YOUR ASSIGNMENT:
When the records are reproduced, each one must match exactly, and no picture may be kept.

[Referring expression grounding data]
┌──

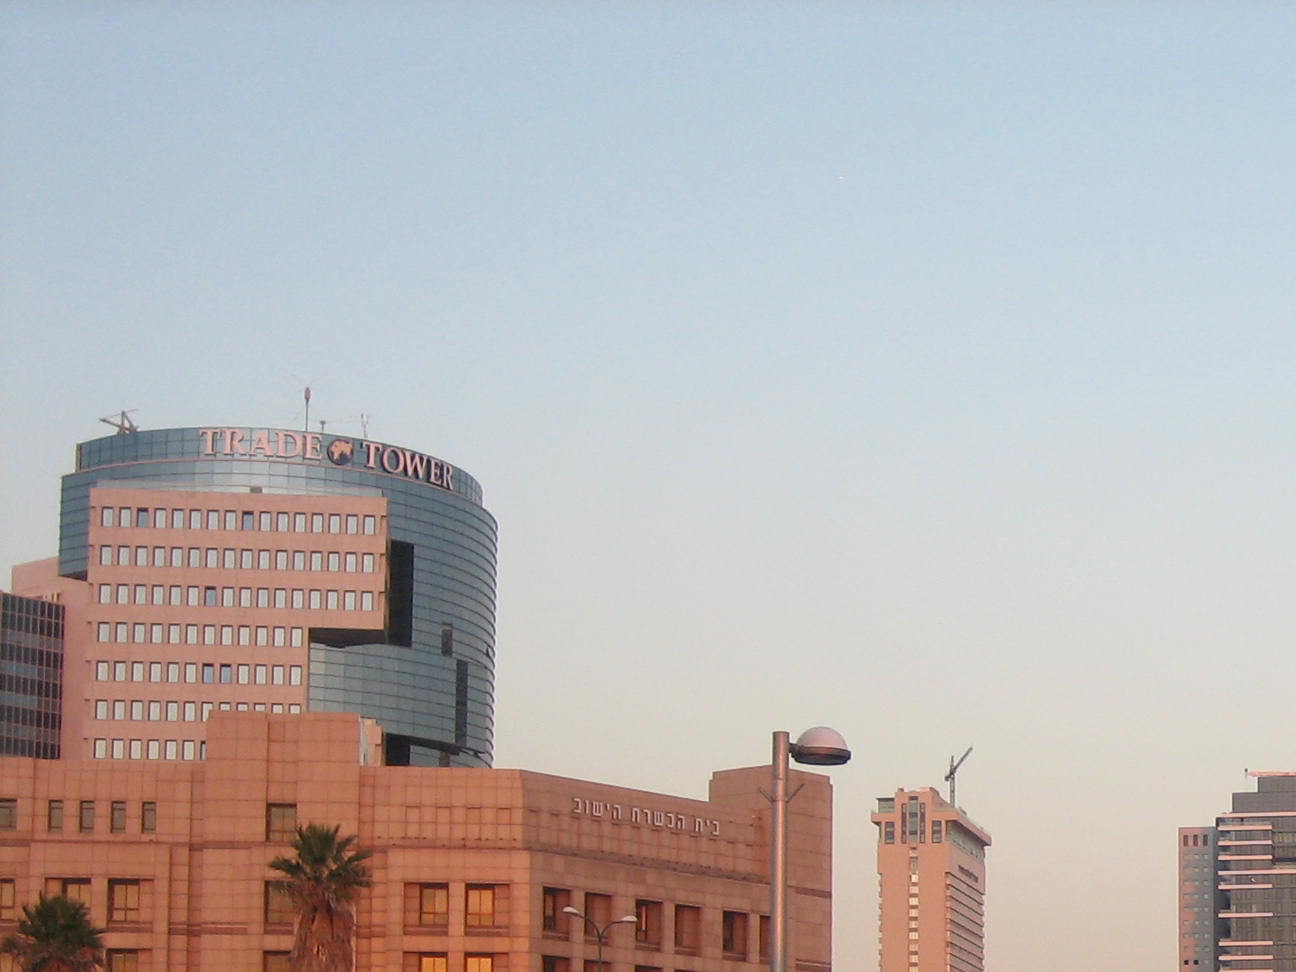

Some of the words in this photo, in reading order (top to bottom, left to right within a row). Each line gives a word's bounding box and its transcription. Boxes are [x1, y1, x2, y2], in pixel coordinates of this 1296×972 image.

[200, 428, 323, 461] TRADE
[361, 440, 454, 491] TOWER
[573, 797, 621, 820] הישוב
[631, 807, 685, 830] הכשרת
[695, 817, 720, 836] בית

└──

THE COMPLETED TASK:
Some of the words in this photo, in reading order (top to bottom, left to right within a row). Each line gives a word's bounding box and its transcription. Boxes are [x1, y1, x2, y2], in pixel coordinates of this 1296×972 image.

[200, 428, 323, 461] TRADE
[361, 440, 454, 491] TOWER
[573, 797, 621, 820] הישוב
[631, 807, 685, 830] הכשרת
[695, 817, 720, 836] בית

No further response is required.